We are joined on the line by Martin Hopkins, an executive committee member of the South African Reward Association [Sara] and also a partner at PwC. Martin, thank you so much for you time
MARTIN HOPKINS: Yes.
NASTASSIA ARENDSE: We go through the business headlines and we see performance in companies that is probably less than satisfactory, or something horrible happened, and at some point we see a golden handshake. From your perspective, are we seeing an increase of this just as much as we are seeing that people are saying there is unequal pay with regard to the salary increases and bonus increases for executives.
MARTIN HOPKINS: I wouldn’t say there’s necessarily been an increase in the prevalence of golden handcuffs [sic] that we look at over the last five to ten years. Every so often there is always one of these sort or pay-for-failure incidents. I must admit this is the one area where institutional investors do get upset. The public at large gets excited about the quantum of pay, but institutional investors in particular really want to see pay for performance. And certainly where there is a definite failure and someone does get a large amount of money, this is an issue that is not [demonstrating] great governance.

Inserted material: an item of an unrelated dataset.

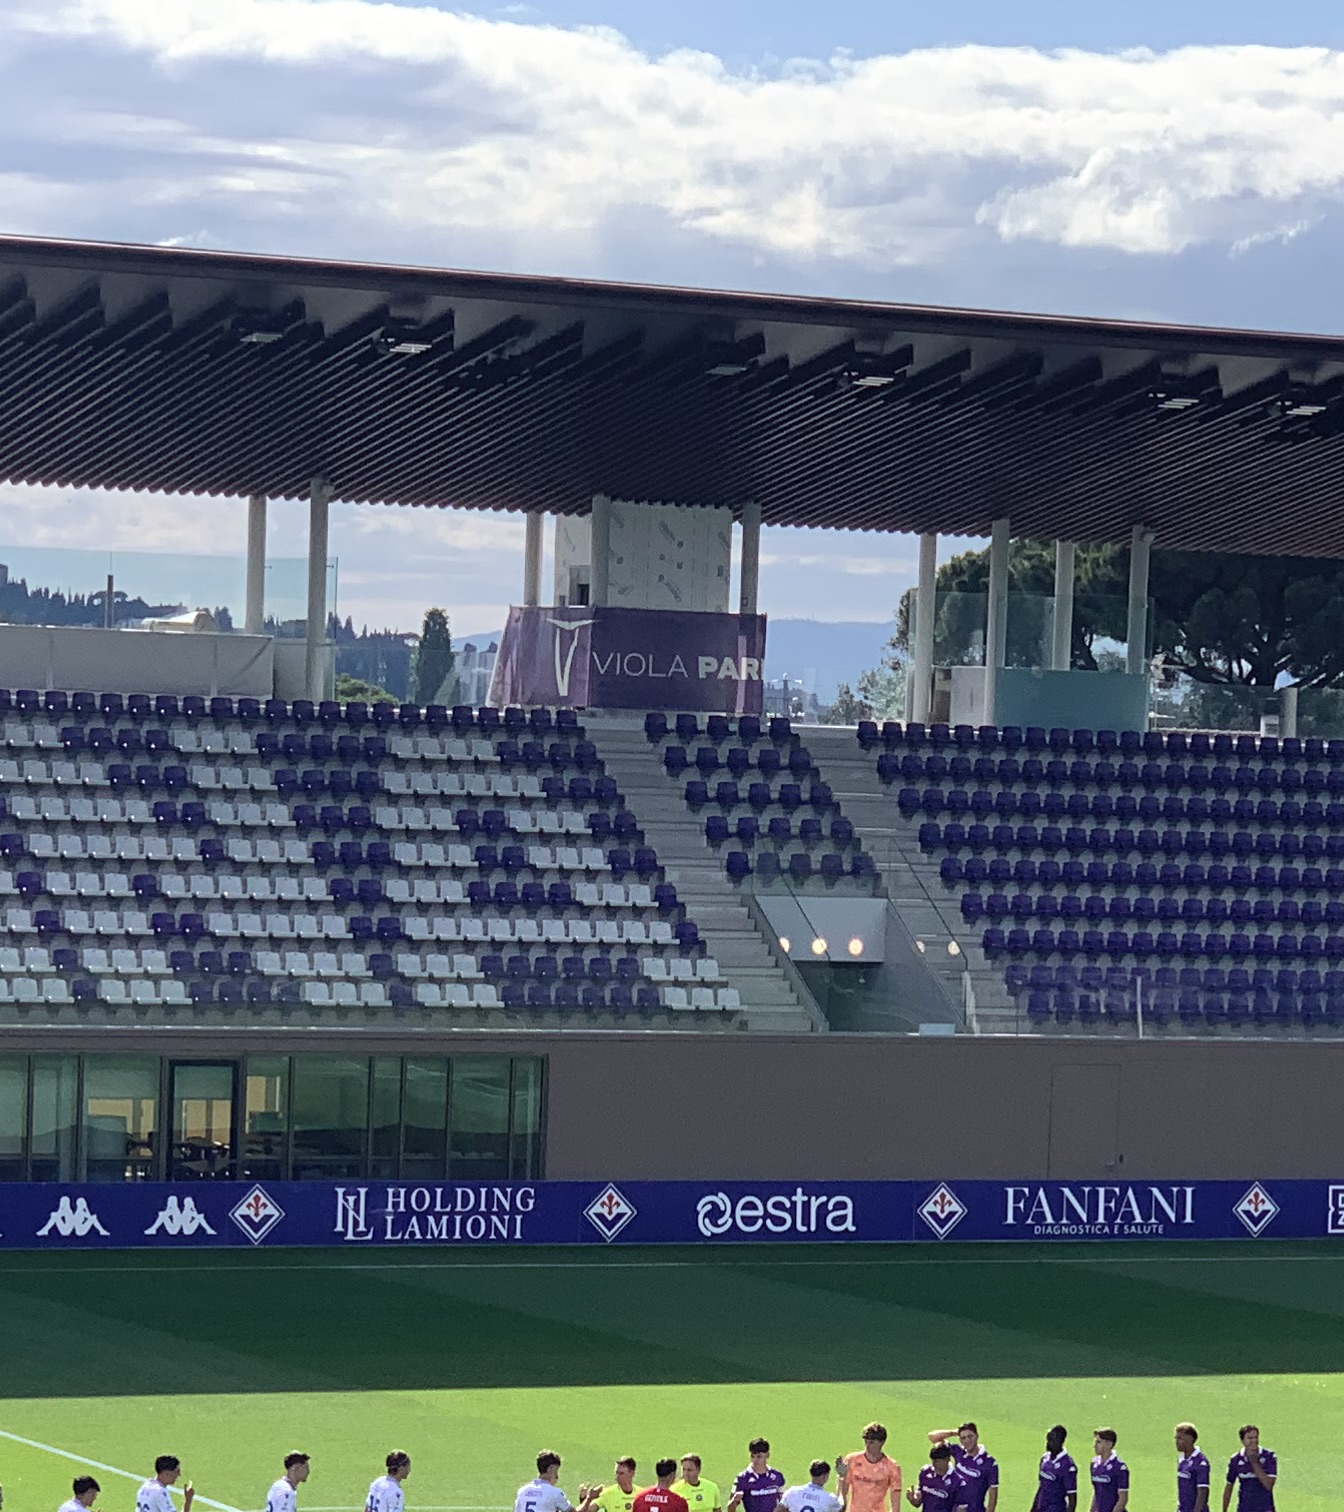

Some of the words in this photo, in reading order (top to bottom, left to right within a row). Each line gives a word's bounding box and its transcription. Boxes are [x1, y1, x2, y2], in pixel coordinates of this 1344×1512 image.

NASTASSIA ARENDSE: In the article that I read, where you guys do comment on this quite extensively, I wanted to understand from a governance point of view where it leaves what they call the golden handshake.
MARTIN HOPKINS: The King Code on Corporate Governance – which has had Version III out for a number of years, and King IV is coming out shortly – is quite clear that there should not be pay for failure, and that there should be a strong link of pay for performance. So certainly the squeaky-clean-governance view on things is that it’s not well regarded.
Now, as I mentioned in the article you are referring to, [good governance] is certainly the aspiration. The reality of South African labour law is that everybody actually has the benefits of our quite benign labour law and, if you do wish to summarily dismiss your CEO for one specific event, it actually is very difficult – and there is a long process which might drag on for a year or two with a lot of dirty laundry being washed in public. Often people take a pragmatic and expedient route of agreeing an amount of money whereby people will part ways, rather than going through the full due process.
I think that’s where we land up with the pragmatic approach, even though it’s not necessarily regarded as great governance.
NASTASSIA ARENDSE: Martin, I know it goes so deep and I wanted to have another conversation with you where we are talking about what they see as remuneration for executives, but I suppose this is a topic we can have another day. We are running out of time and unfortunately we are going to have to leave it there.
But thank you so much for your time.
MARTIN HOPKINS: Certainly. Thanks a lot.